FKNK ‘didn’t understand’ Muscat’s last chance warning

Prime Minister criticised for encouraging Labour voters to vote for spring hunting

Lino Farrugia, chief executive of hunting federation FKNK, admitted on ONE TV that he did not understand what the Prime Minister meant when he warned hunters that they had “one final chance to get it right”.

“Hunting organisations must realise that the situation has changed and they now have one final chance to get it right,” Joseph Muscat said moments after the referendum result was announced, narrowly in favour of retaining the spring hunting season. “When the spring hunting season re-opens, it will not be back to usual for them. Law-abiding hunters are responsible for reporting all cases of law-breaking hunters,” Muscat said.

Farrugia’s public appearances in the Yes to spring hunting campaign were few and far between – it was felt his public speaking would not be an asset to the Yes campaign. However, he has already made two public appearances since the Yes vote. In a press conference on Monday, FKNK president Joe Perici Calascione also said that he could not understand Muscat’s ‘last chance’ warning, but insisted that “this is the moment of truth for hunters, who carry a huge responsibility towards those who voted ‘yes’ to spring hunting.” 

On Monday, a day after their victory, FKNK representatives held a meeting with Muscat where, according to Farrugia, they discussed the FKNK’s ‘zero tolerance’ policy towards law-breaking hunters.

“I am sure that genuine hunters will be more wary now,” Farrugia said. 

Spring Hunting Out campaigners Saviour Balzan and Mark Sultana have publicly criticised Muscat for encouraging Labour voters to vote for spring hunting. Opposition leader Simon Busuttil had also publicly declared his intention to vote Yes. However, Farrugia pointed out that while Muscat and Busuttil had supported the Yes campaign, Archbishop Charles Scicluna and former judge Giovanni Bonello had supported the No campaign.

“The three English-language newspapers, 14 NGOs including the powerful BirdLife Malta, and a political party – Alternattiva Demokratika – were all against us,” Farrugia said. 

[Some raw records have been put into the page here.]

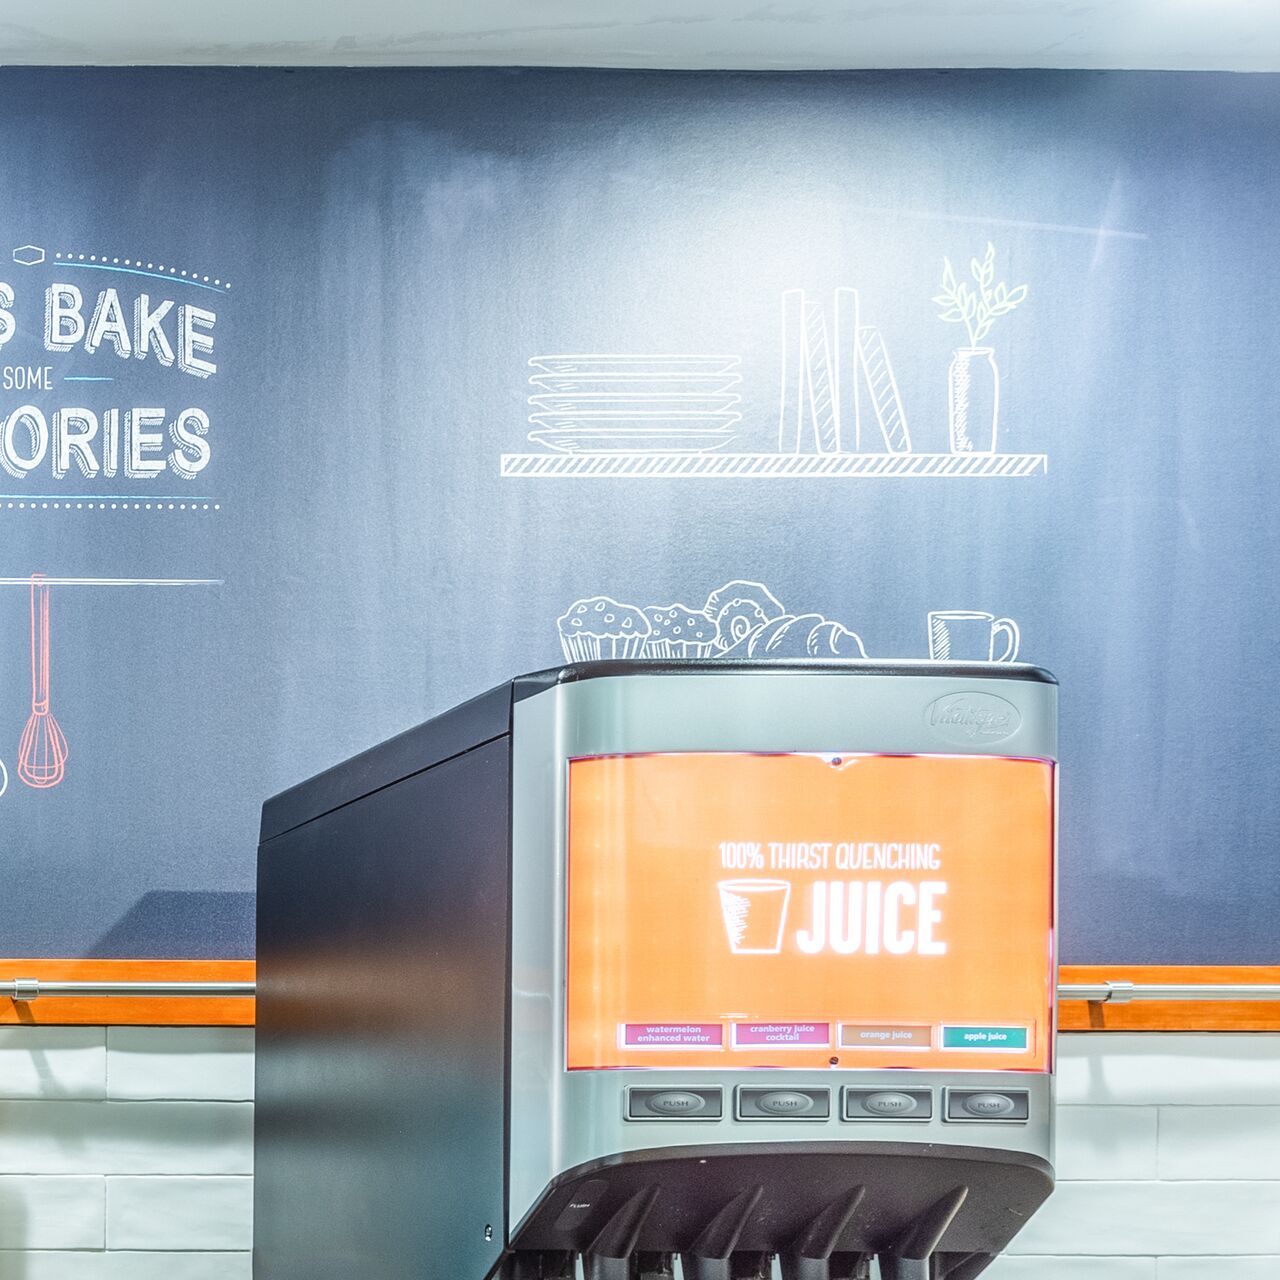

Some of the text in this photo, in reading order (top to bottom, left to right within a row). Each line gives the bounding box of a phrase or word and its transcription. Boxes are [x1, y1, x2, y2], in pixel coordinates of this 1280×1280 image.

[44, 283, 218, 379] BAKE
[2, 366, 53, 391] SOME
[718, 842, 941, 870] 100% THIRST QUENCHING
[796, 880, 948, 955] JUICE
[750, 1025, 816, 1035] cranberry juice
[860, 1030, 913, 1040] orange juice
[637, 1034, 681, 1042] enhanced
[766, 1033, 800, 1041] cocktail
[964, 1031, 1008, 1042] apple juice
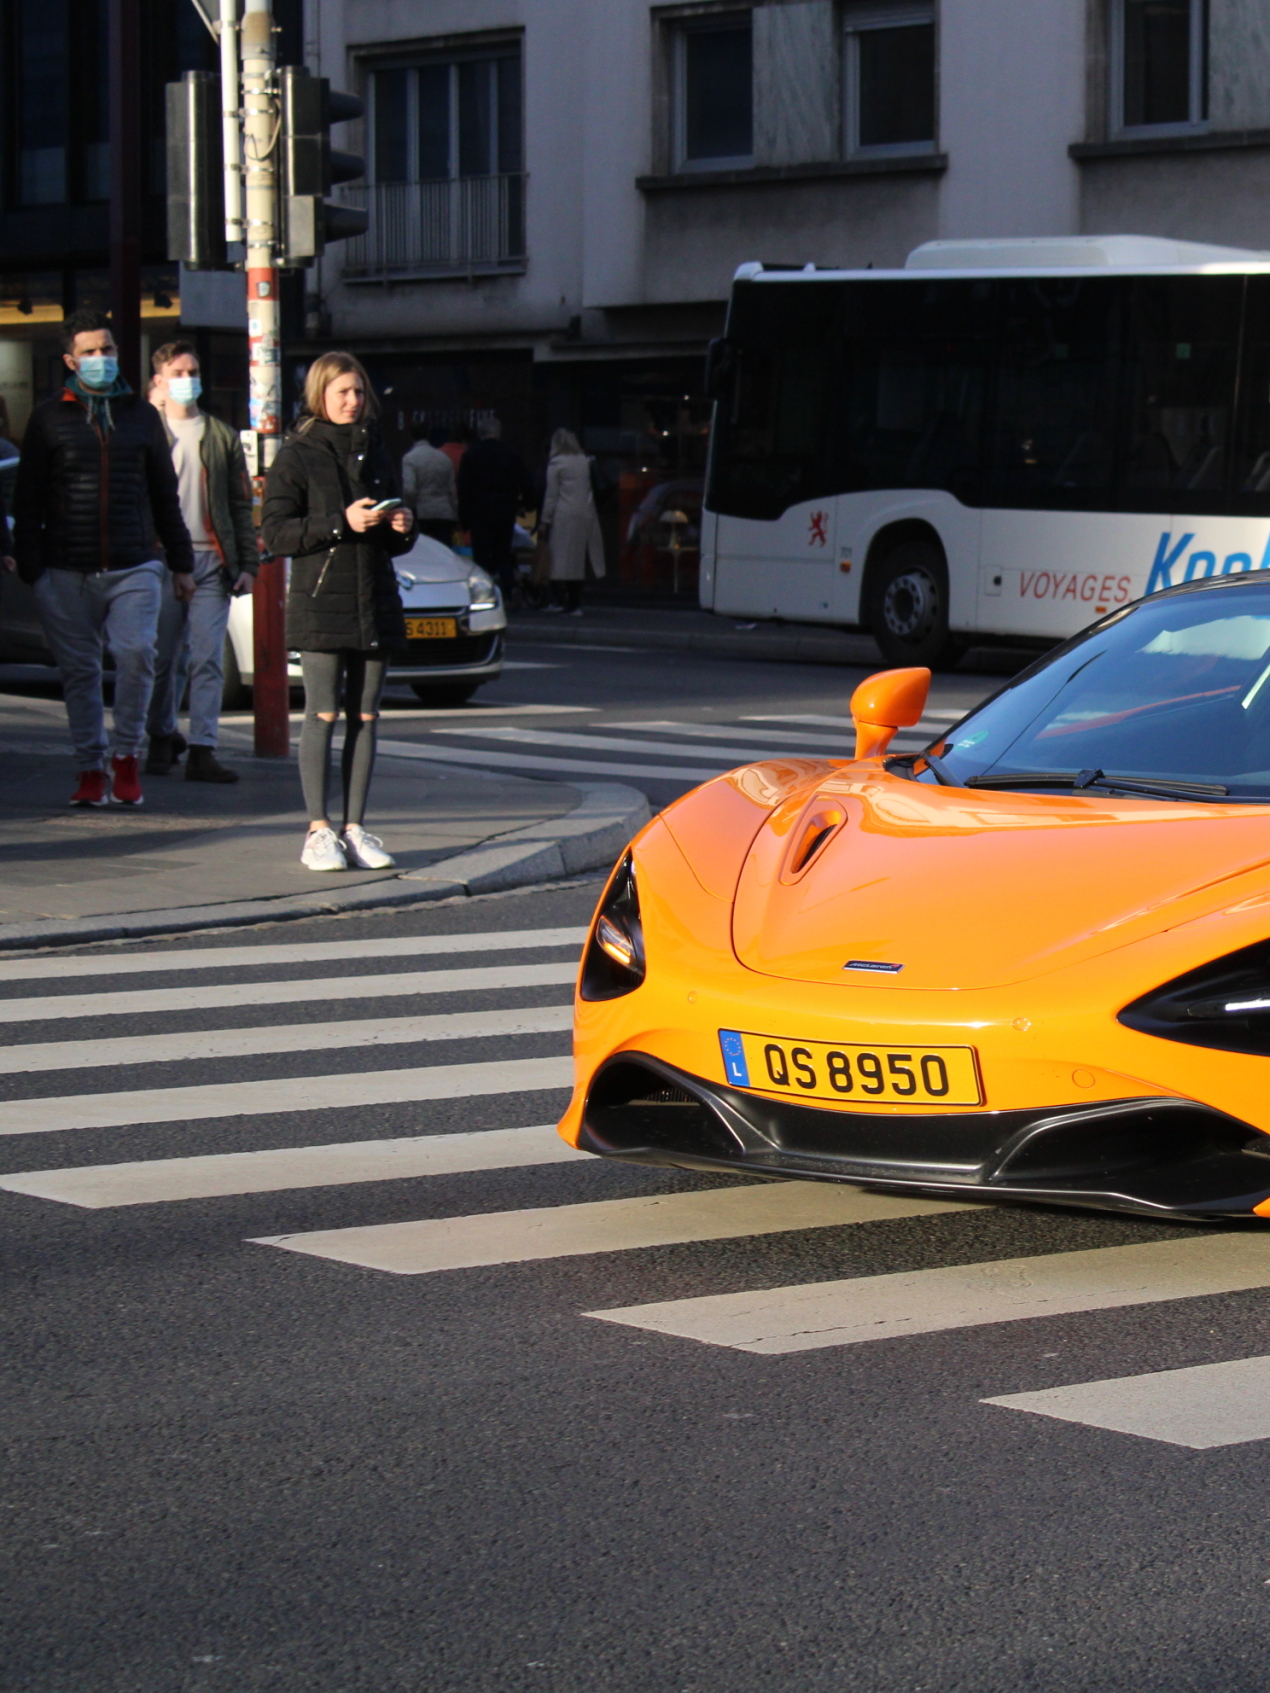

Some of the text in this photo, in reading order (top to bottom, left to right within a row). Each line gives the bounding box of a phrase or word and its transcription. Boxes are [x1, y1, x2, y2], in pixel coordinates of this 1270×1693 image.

[732, 1043, 949, 1096] L QS 8950

‘Spring hunting would be banned if Muscat hadn’t intervened’ – Balzan

Speaking on ONE TV in a later programme, MediaToday managing editor Saviour Balzan pinned the blame for the Yes victory on Muscat’s support of the spring hunting lobby.

“If Muscat and other Labour MPs hadn’t intervened, then we would have won the referendum,” Balzan said, adding that the Labour Party representatives had called people up to tell them to vote Yes, and that Labour MPs, band clubs, and mayors had all encouraged people to vote Yes.

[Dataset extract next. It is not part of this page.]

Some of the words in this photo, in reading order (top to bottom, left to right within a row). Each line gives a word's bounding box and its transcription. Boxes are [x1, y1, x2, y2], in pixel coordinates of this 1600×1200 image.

“It has been sociologically proven that Labourites are more likely to follow their leader’s beliefs than Nationalists are,” Balzan said. “If Muscat says that he believes in something, a large chunk of Labourites will vote for that something. On the other hand, most Nationalists hadn’t even considered that Simon Busuttil was voting Yes before they themselves voted No.”  

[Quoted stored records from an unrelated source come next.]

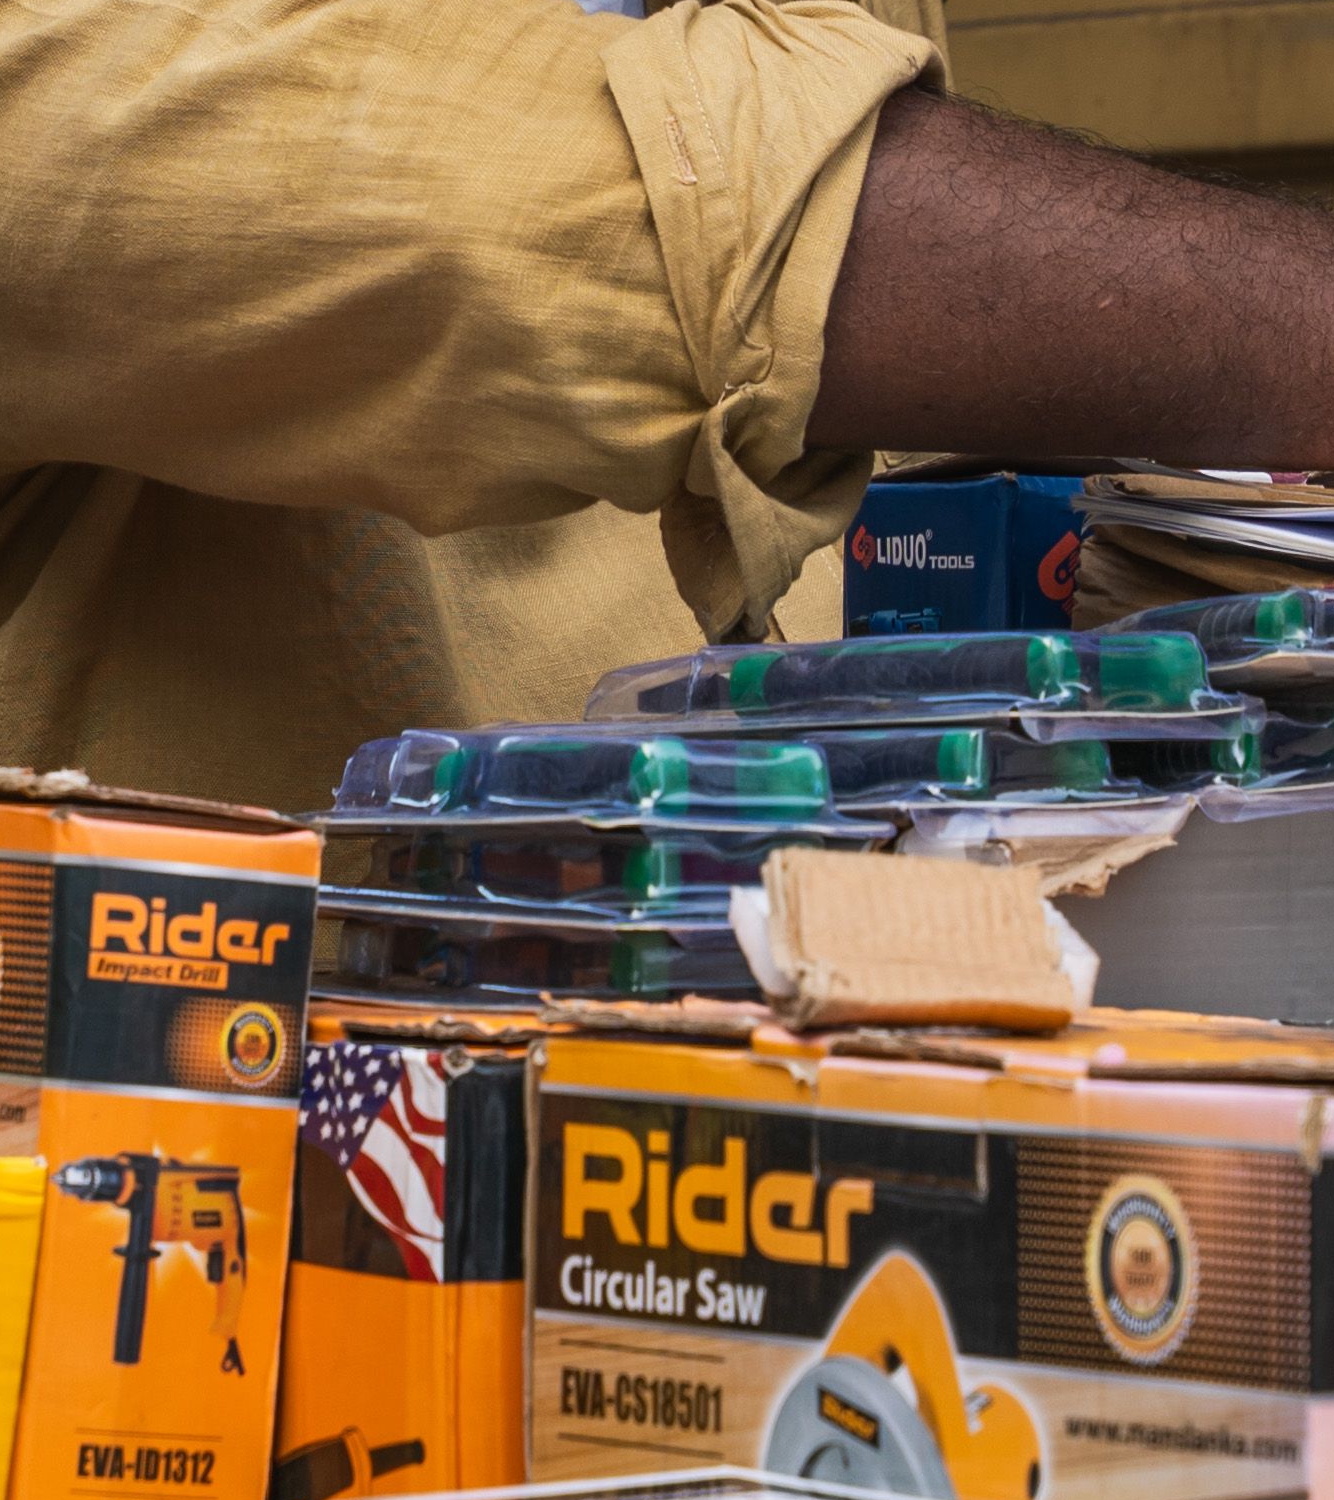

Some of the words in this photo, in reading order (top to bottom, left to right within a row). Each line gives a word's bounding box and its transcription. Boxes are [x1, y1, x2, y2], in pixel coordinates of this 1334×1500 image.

[876, 534, 928, 571] LIDUO
[929, 553, 976, 571] TOOLS
[88, 892, 292, 966] Rider
[94, 957, 173, 984] Impact
[179, 963, 222, 987] Drill
[560, 1121, 874, 1269] Rider
[559, 1253, 690, 1316] Circular
[695, 1267, 767, 1327] Saw
[560, 1366, 725, 1434] EVA-CS18501
[76, 1443, 216, 1485] EVA-ID1312

He accused Yes camp spokesperson Kathleen Grima, and her campaign, of scaring people into believing that their own hobbies and pastimes would be at risk if the No vote were to win.

“Yes campaigners walked around Marsaxklokk, scaring old fishermen that they wouldn’t be allowed to fish anymore if the No vote were to win,” Balzan said.

He also hit out at Grima’s call to Parliament to discuss a change to Malta’s abrogative referendum laws so as to “safeguard minorities”.

“I respect the defeat, but in all fairness the PN had tried and failed to get Malta into the EU in 1996, but then tried again and succeeded a few years later,” Balzan said. “Now the Yes campaigners want to change the goalposts.”